🤖 AI Summary
This work addresses three key limitations of existing distributional reinforcement learning (DistRL) methods: bounded support sets, weak modeling capacity, and low parameter efficiency. To overcome these, we propose an unbounded probability density function (PDF) modeling paradigm based on normalizing flows (RealNVP/MAF), enabling flexible representation of multimodal, skewed, and heavy-tailed return distributions. We further introduce a geometrically aware surrogate loss derived from the Cramér distance, operating directly on PDFs—thus avoiding numerical integration over cumulative distribution functions (CDFs)—while simultaneously supporting unbounded supports and ensuring parameter efficiency.
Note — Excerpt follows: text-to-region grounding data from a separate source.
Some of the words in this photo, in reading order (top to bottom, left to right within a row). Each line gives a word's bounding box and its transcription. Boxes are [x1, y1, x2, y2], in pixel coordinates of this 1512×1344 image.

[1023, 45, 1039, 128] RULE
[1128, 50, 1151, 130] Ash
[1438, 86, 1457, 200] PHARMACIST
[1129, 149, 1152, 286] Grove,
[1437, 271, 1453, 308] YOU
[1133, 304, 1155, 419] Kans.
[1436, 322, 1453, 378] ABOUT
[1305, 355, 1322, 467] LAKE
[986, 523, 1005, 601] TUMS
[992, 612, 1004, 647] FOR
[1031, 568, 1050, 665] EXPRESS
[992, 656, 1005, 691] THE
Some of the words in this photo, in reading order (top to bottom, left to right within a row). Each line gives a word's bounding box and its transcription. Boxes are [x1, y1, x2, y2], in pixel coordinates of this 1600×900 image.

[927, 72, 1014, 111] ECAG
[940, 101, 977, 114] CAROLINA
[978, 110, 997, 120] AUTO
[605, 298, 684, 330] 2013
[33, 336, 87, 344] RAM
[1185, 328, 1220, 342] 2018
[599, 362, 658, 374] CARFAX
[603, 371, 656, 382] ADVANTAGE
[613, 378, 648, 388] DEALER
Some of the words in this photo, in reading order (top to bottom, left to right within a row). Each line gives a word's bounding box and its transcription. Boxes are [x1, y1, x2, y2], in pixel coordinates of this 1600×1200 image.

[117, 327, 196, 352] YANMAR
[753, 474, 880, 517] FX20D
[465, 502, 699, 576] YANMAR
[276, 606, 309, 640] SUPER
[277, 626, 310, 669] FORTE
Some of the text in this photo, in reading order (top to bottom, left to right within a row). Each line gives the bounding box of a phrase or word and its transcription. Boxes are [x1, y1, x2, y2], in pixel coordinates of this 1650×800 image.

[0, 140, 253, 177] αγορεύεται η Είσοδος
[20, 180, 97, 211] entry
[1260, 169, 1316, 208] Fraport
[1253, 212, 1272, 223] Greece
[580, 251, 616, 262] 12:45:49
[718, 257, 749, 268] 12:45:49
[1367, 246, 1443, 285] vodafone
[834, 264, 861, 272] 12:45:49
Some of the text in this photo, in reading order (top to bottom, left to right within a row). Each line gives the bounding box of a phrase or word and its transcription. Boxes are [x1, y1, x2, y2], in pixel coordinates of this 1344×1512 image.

Evaluated on the ATARI-5 benchmark, our approach significantly outperforms existing PDF-based DistRL methods, matches the performance of state-of-the-art quantile-based methods (e.g., QR-DQN, IQN), and improves both training stability and the synergy between representational expressivity and optimization dynamics.
📝 Abstract
We introduce a new architecture for Distributional Reinforcement Learning (DistRL) that models return distributions using normalizing flows. This approach enables flexible, unbounded support for return distributions, in contrast to categorical approaches like C51 that rely on fixed or bounded representations. It also offers richer modeling capacity to capture multi-modality, skewness, and tail behavior than quantile based approaches. Our method is significantly more parameter-efficient than categorical approaches. Standard metrics used to train existing models like KL divergence or Wasserstein distance either are scale insensitive or have biased sample gradients, especially when return supports do not overlap. To address this, we propose a novel surrogate for the Cram`er distance, that is geometry-aware and computable directly from the return distribution's PDF, avoiding the costly CDF computation. We test our model on the ATARI-5 sub-benchmark and show that our approach outperforms PDF based models while remaining competitive with quantile based methods.